B. Anglo-American board member model

This second model is basically the same as the previous model, with one exception. The dummy variable Anglo-American board membership is included in the model as an explanatory variable. This OLS regression model is used to test the second hypothesis C2. The hypothesis is supported when there is a significant and positive relationship between Anglo-American board membership and CEO pay. The result for the variable can be found at the bottom of column two of the variables in table III, we see that, although the sign of the beta is positive the result is not significant. It falls short of the 10% significance level. The p-value is 0.144. This result means that the relationship between Anglo-American board membership and CEO pay cannot be generalized and therefore hypothesis C2 is not supported.

The results of the other variables show a lot of resemblance with the performance model. The betas for the performance measures are still negative and only the stock performance measure is significant. The other control variables indicate that there is a change in the significance level for the variable board size, this variable is still positive but in this model only on the 10% level, again the intercept is highly significant on the 1% level. R-squared indicates that there is an increase of explanatory power of the model of 0.6% when I include the Anglo-American board membership variable, when adjusted for the increase in independent variables by using the adjusted R-squared we see that the real increase is 0.4%.
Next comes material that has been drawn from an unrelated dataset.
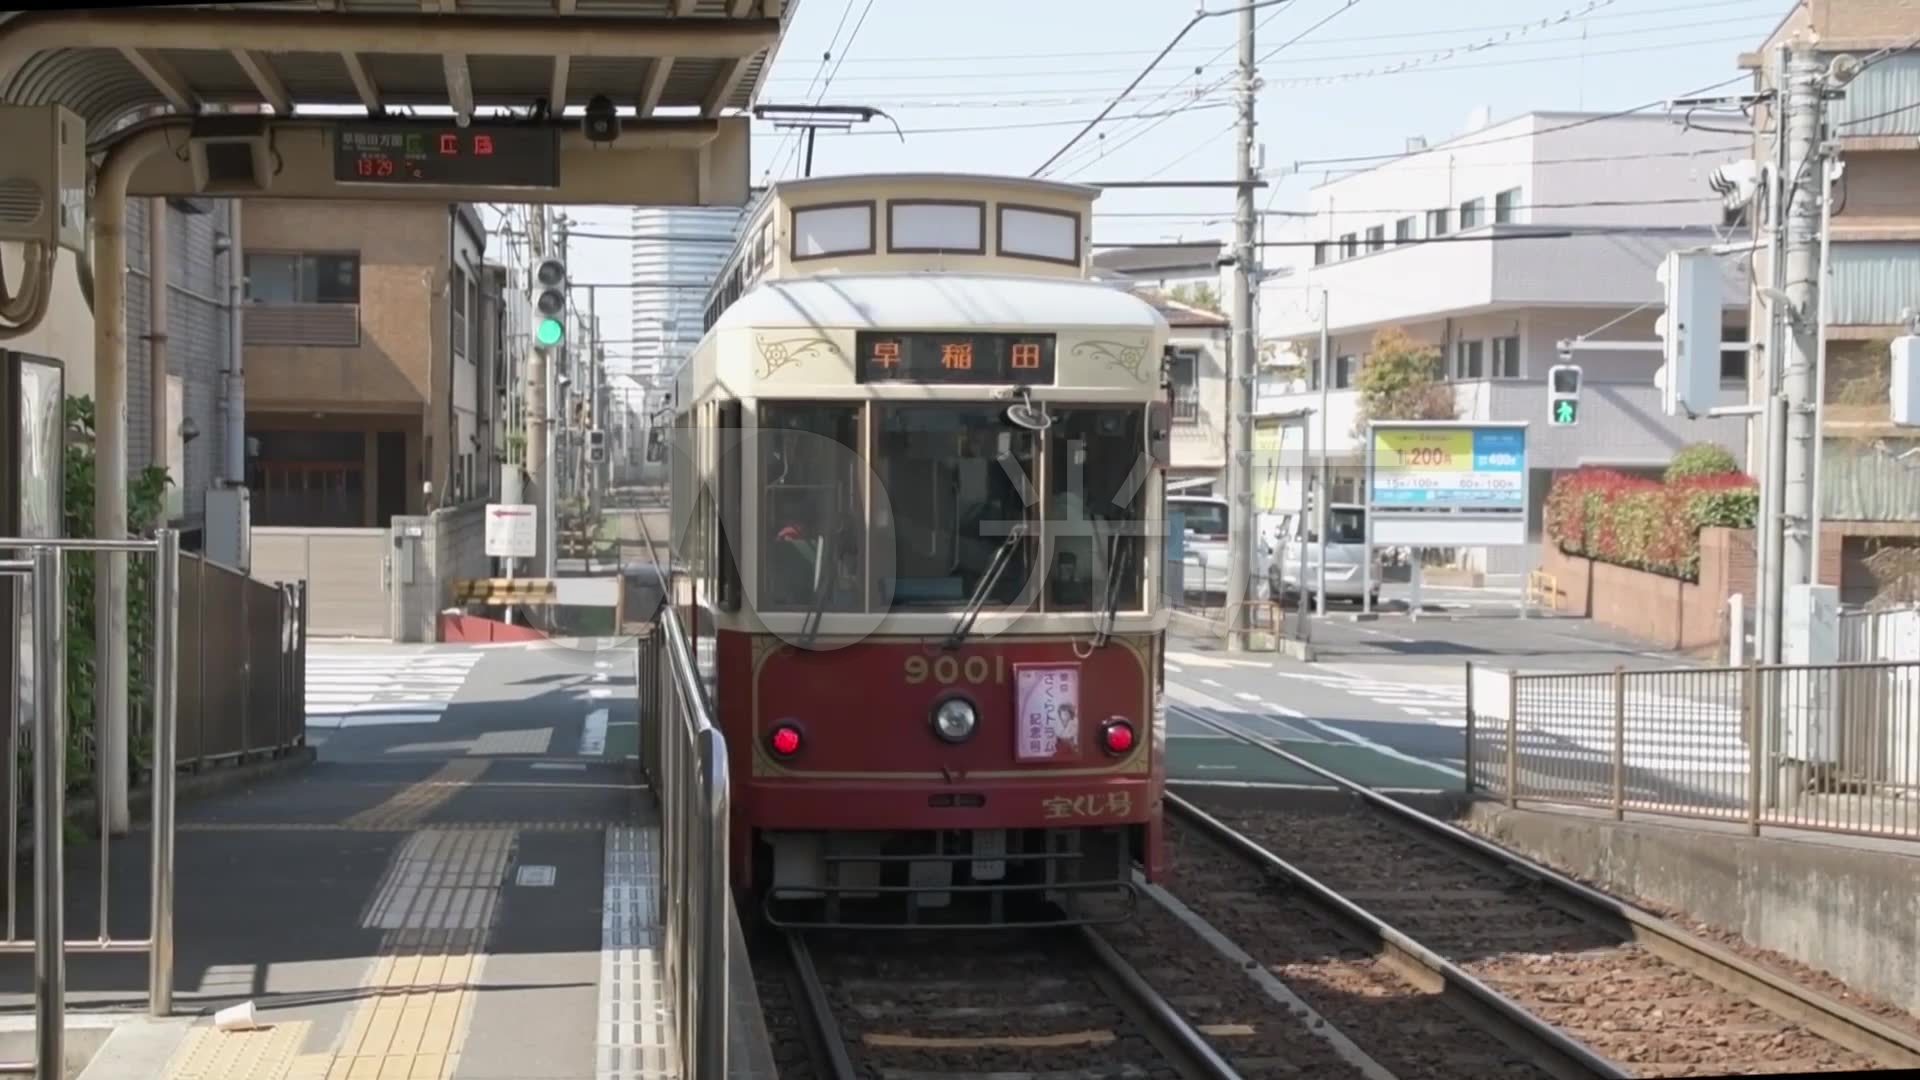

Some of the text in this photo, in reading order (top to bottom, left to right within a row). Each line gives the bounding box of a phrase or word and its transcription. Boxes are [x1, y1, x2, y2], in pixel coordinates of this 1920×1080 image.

C. The Anglo-American cross-listing model

The third model is also basically the same as the performance model, but instead of including Anglo-American board membership as a dummy variable, the dummy variable Anglo-Anglo-American cross-listing is included in the model. The results can be found in table III, in the third column. This regression model is used to test my third hypothesis C3. Is there a positive and significant relationship between Anglo-American cross-listing and CEO compensation. The results of the regression model do indicate that the beta of the Anglo-American cross-listing variable is positive, but as in the previous model this result is not significant, with a p-value of 0.114. This result suggest that hypothesis C3 is not supported, and indicates that being cross-listed on an Anglo-American stock exchange, does not result in higher CEO compensation in the Netherlands.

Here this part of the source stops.